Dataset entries
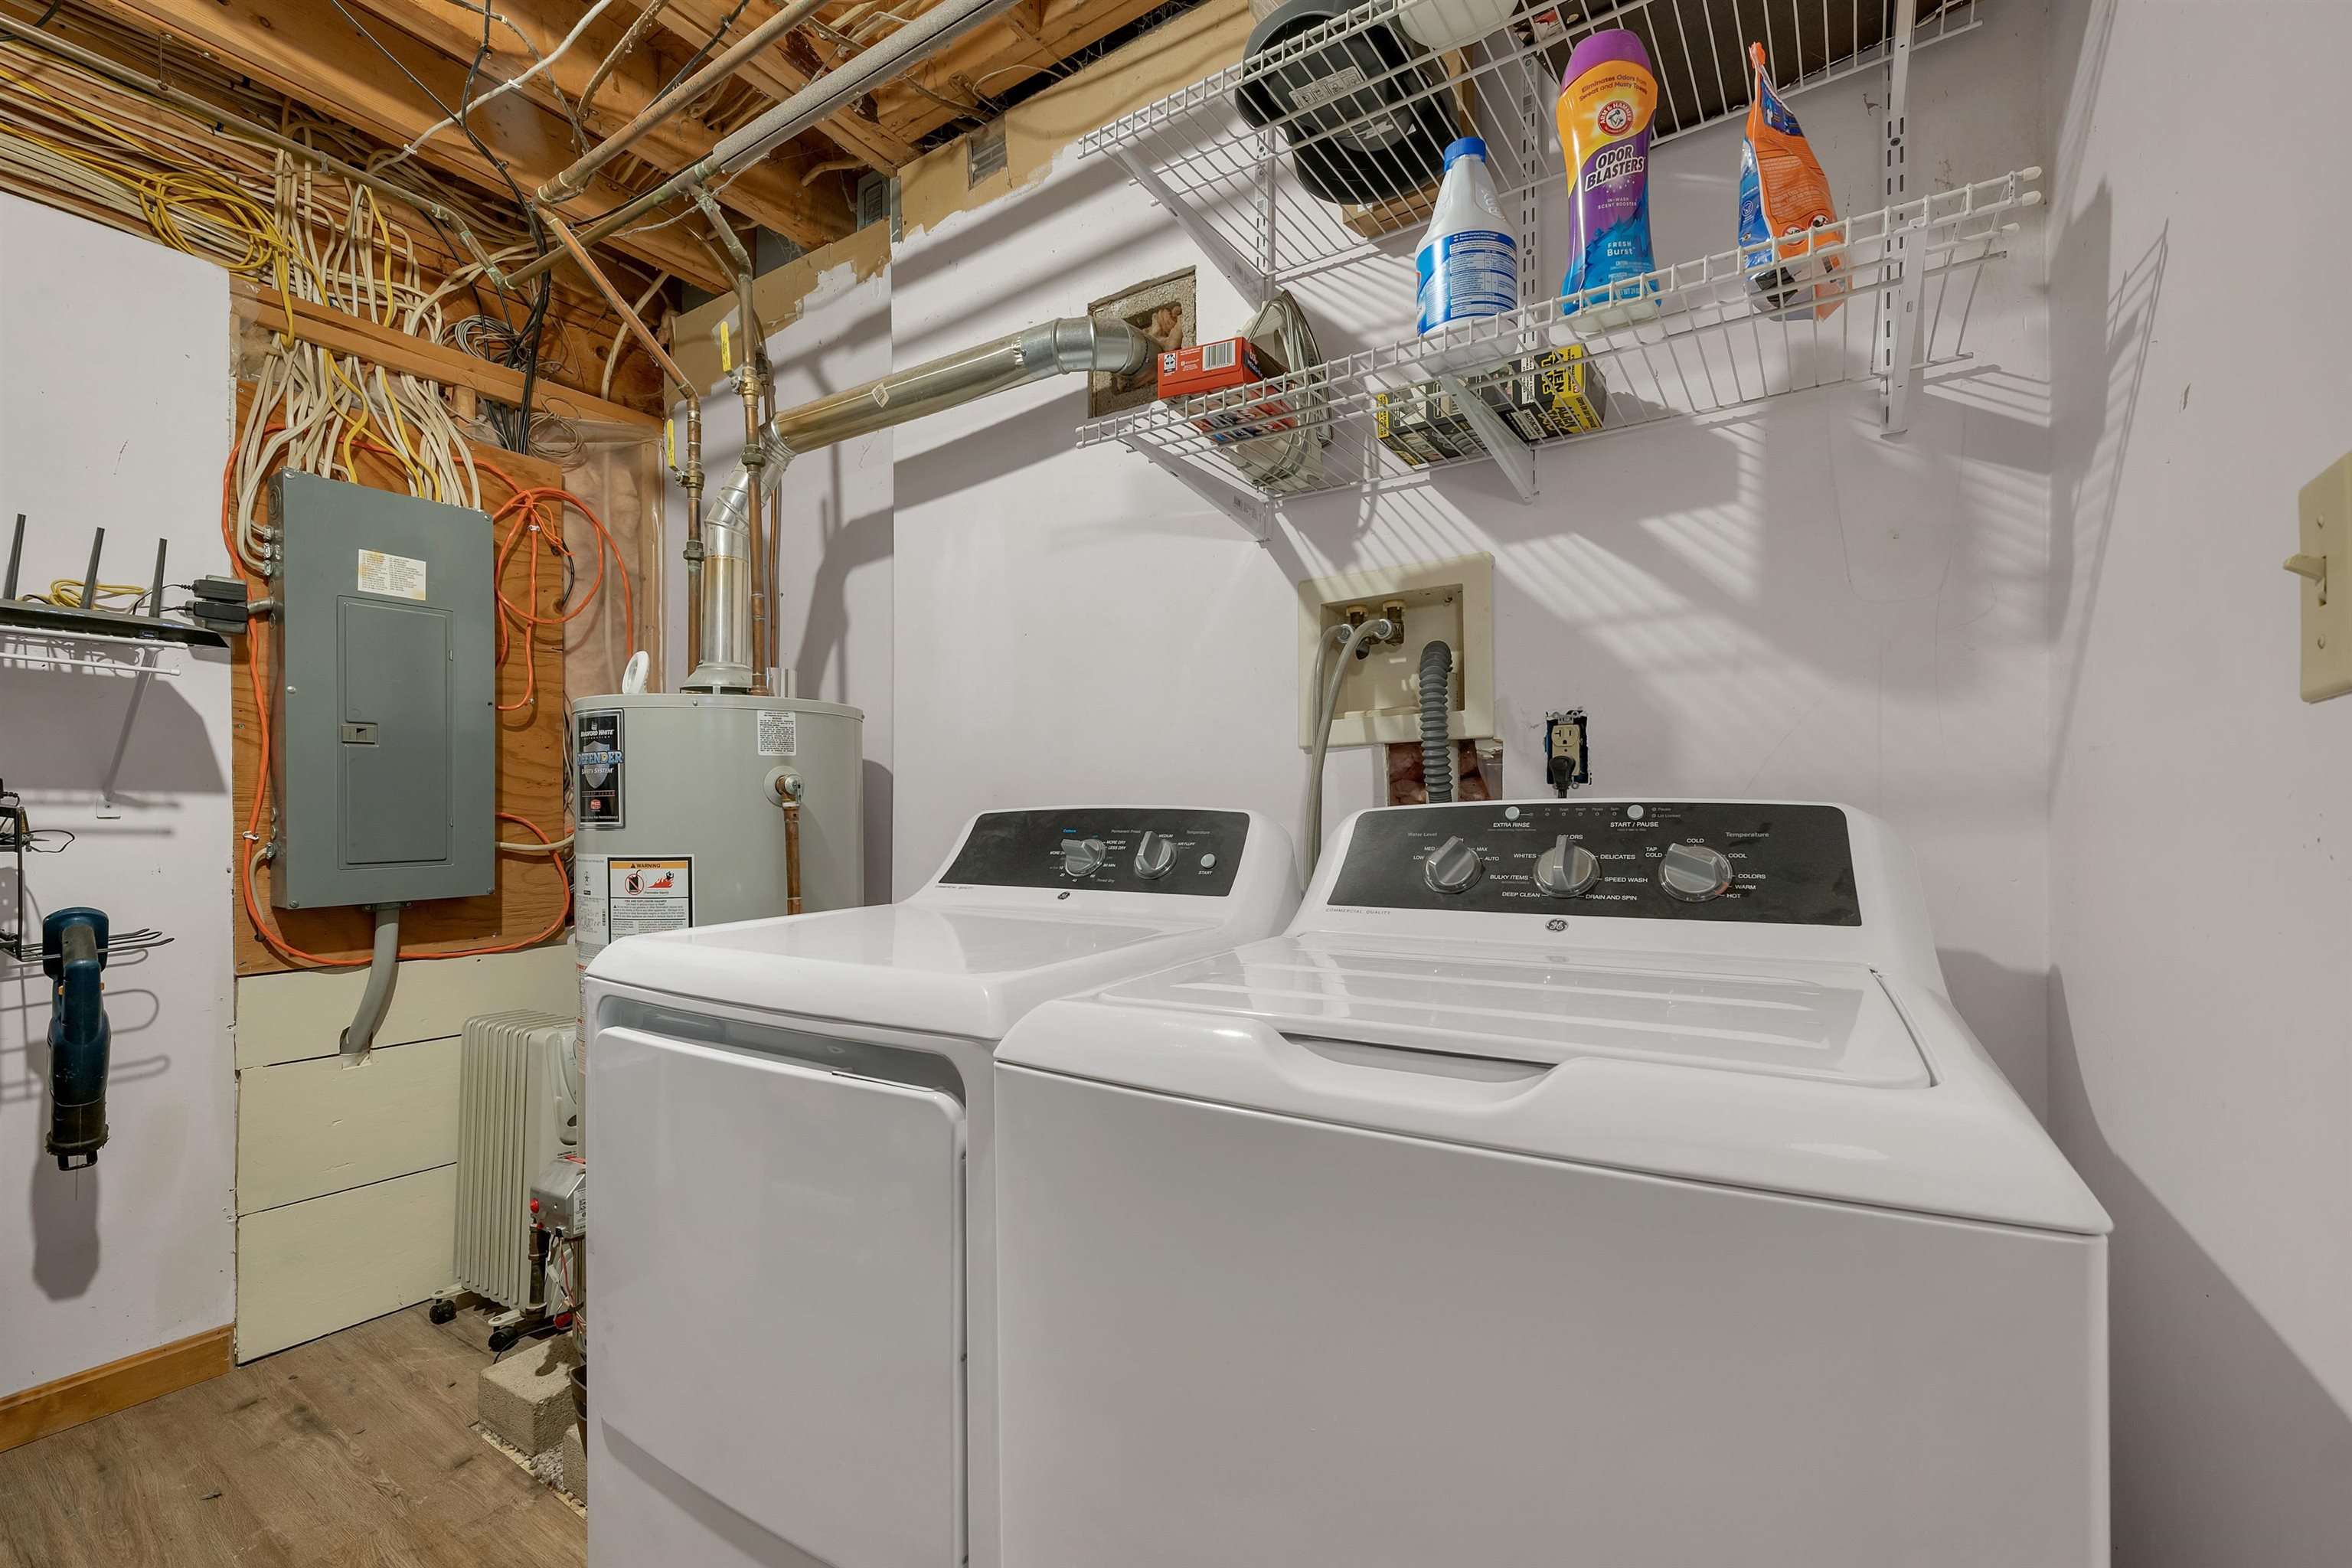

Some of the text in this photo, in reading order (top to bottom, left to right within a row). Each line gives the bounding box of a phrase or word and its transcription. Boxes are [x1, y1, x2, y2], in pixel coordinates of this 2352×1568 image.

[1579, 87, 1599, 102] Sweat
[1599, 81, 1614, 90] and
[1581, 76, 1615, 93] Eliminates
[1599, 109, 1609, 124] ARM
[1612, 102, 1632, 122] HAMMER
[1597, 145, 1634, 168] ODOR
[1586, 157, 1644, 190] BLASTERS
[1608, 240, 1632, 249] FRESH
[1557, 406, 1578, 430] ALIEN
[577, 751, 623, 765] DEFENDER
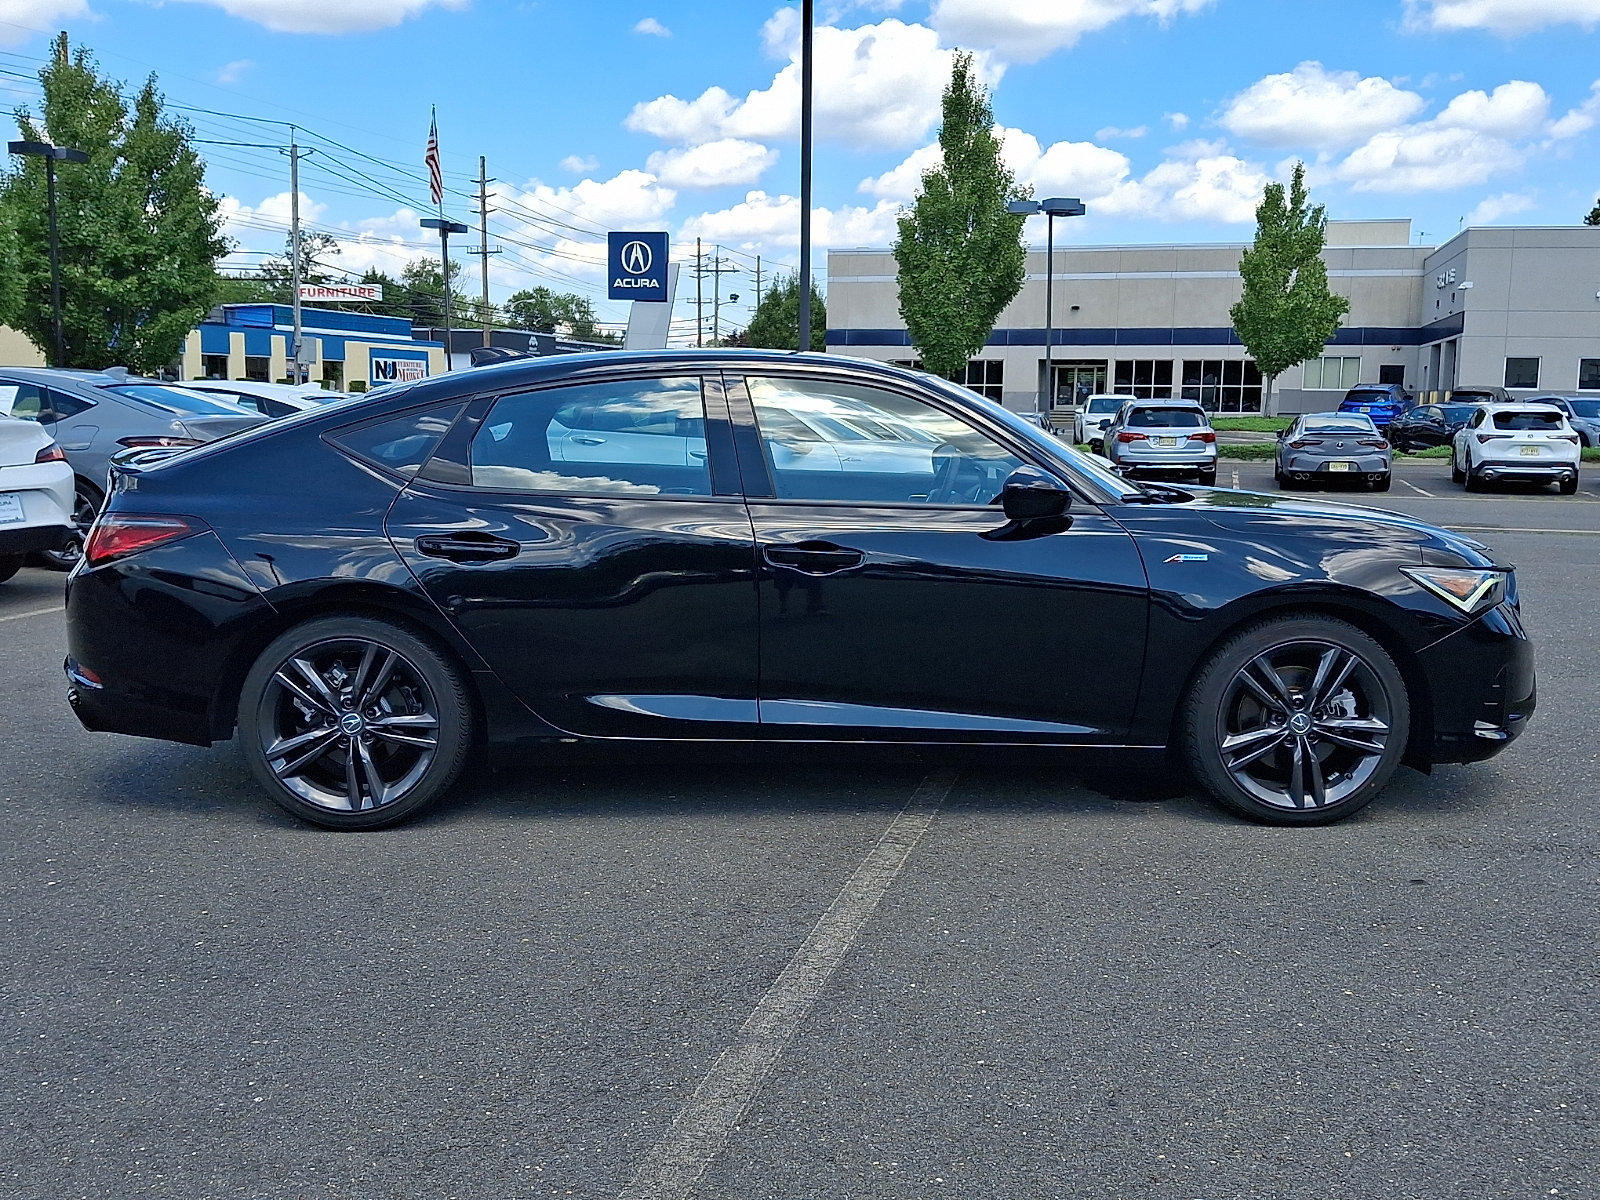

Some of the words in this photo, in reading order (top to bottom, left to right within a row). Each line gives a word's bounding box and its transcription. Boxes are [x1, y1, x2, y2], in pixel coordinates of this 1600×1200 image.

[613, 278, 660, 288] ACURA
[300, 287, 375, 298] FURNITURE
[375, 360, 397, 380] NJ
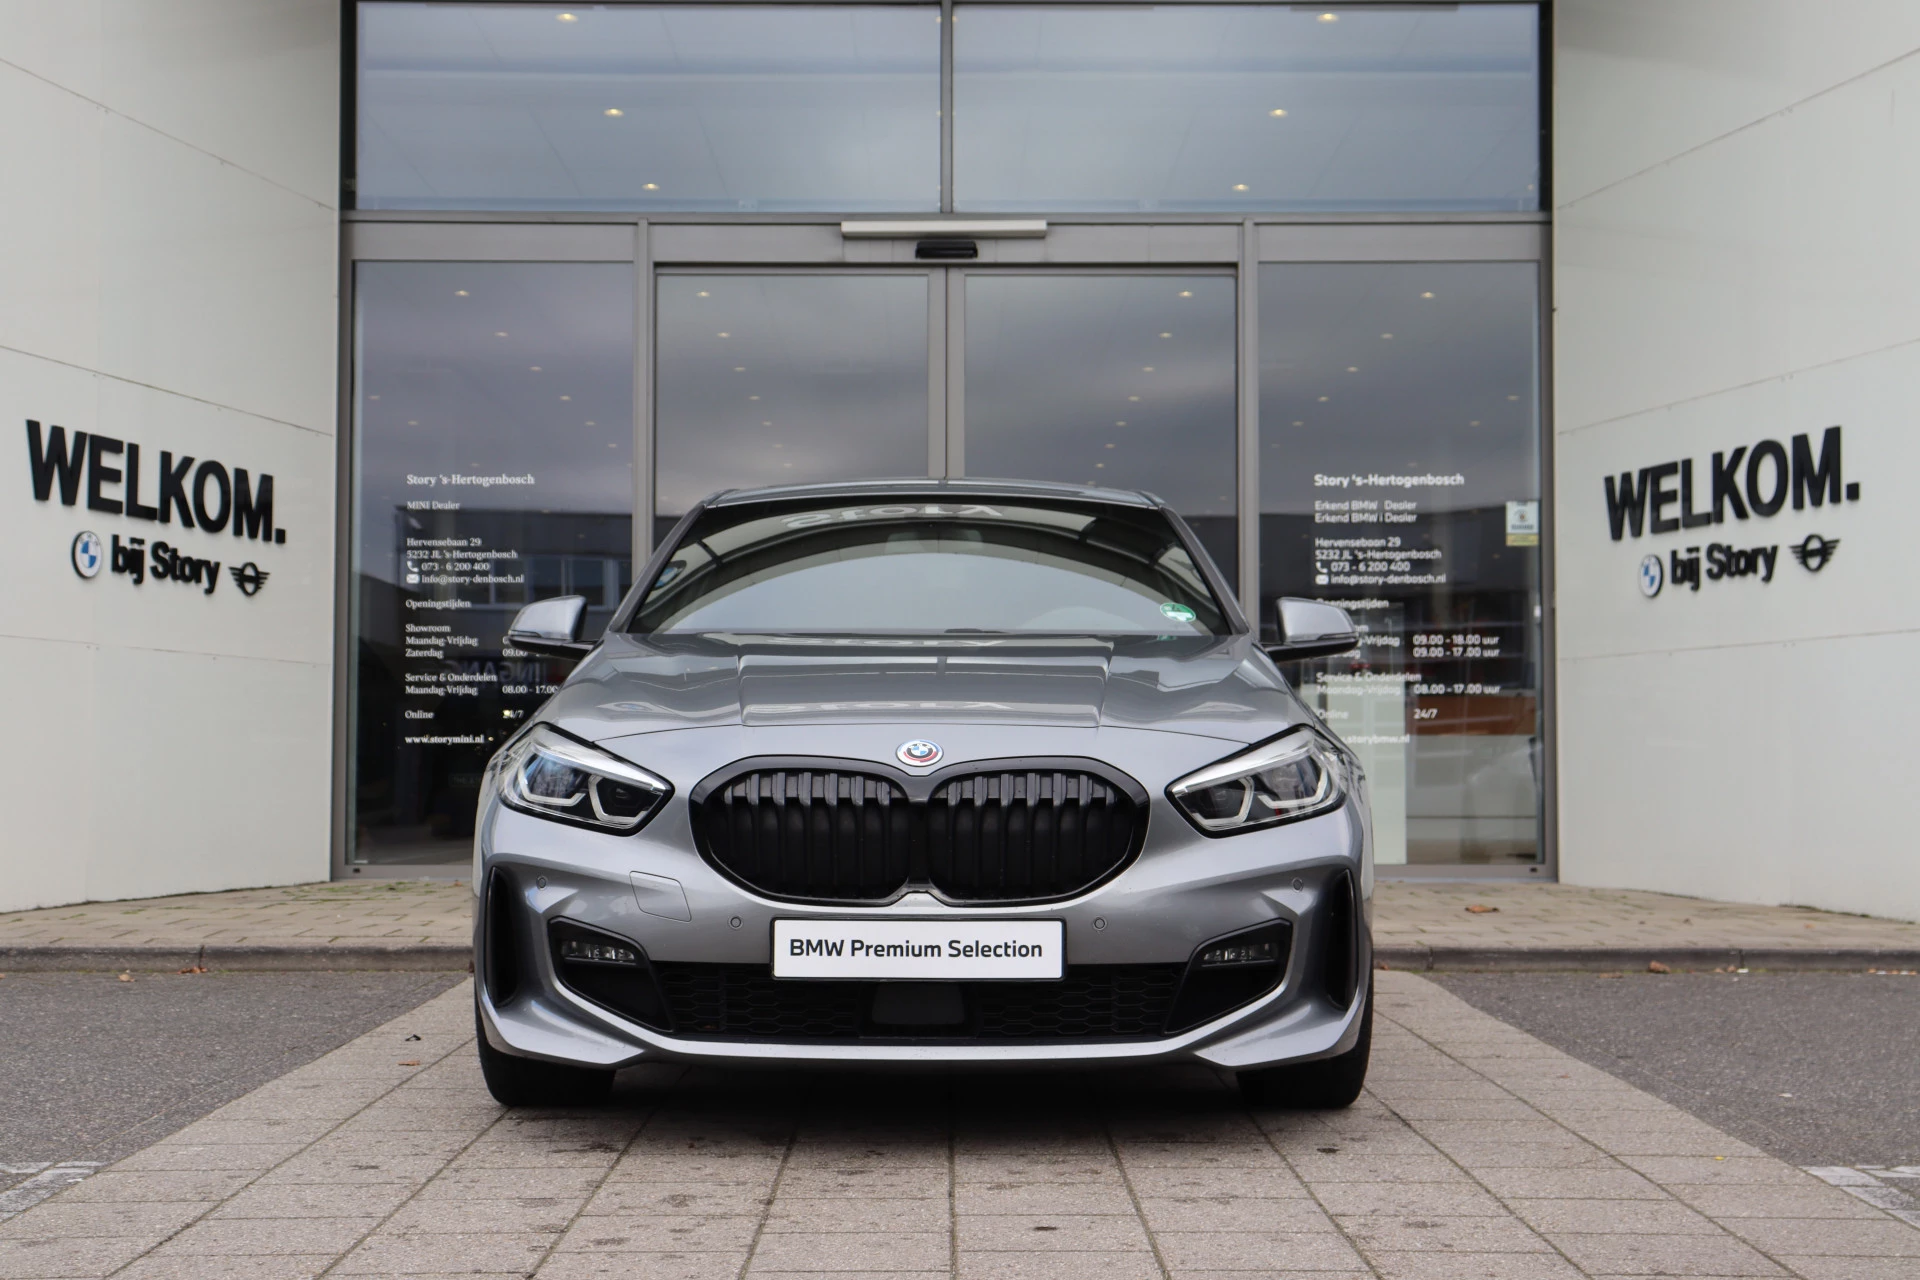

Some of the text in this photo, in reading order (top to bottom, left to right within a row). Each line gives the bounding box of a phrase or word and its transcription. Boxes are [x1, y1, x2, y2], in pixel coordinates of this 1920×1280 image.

WHAT THIS TASK INVOLVES: All of the data gets printed again exactly; the pictures do not.

EXERCISE OUTPUT:
Some of the text in this photo, in reading order (top to bottom, left to right within a row). Each line gives the bounding box of a phrase or word and its transcription. Boxes are [x1, y1, x2, y2], in pixel coordinates of this 2352×1568 image.

[1579, 87, 1599, 102] Sweat
[1599, 81, 1614, 90] and
[1581, 76, 1615, 93] Eliminates
[1599, 109, 1609, 124] ARM
[1612, 102, 1632, 122] HAMMER
[1597, 145, 1634, 168] ODOR
[1586, 157, 1644, 190] BLASTERS
[1608, 240, 1632, 249] FRESH
[1557, 406, 1578, 430] ALIEN
[577, 751, 623, 765] DEFENDER

Some of the words in this photo, in reading order (top to bottom, left to right within a row). Each line gives a word's bounding box and its transcription. Boxes are [x1, y1, x2, y2], in pixel coordinates of this 1600×1200 image.

[613, 278, 660, 288] ACURA
[300, 287, 375, 298] FURNITURE
[375, 360, 397, 380] NJ

Some of the text in this photo, in reading order (top to bottom, left to right within a row). Each line gives the bounding box of a phrase or word and its transcription. Boxes are [x1, y1, x2, y2], in pixel coordinates of this 1920×1280 image.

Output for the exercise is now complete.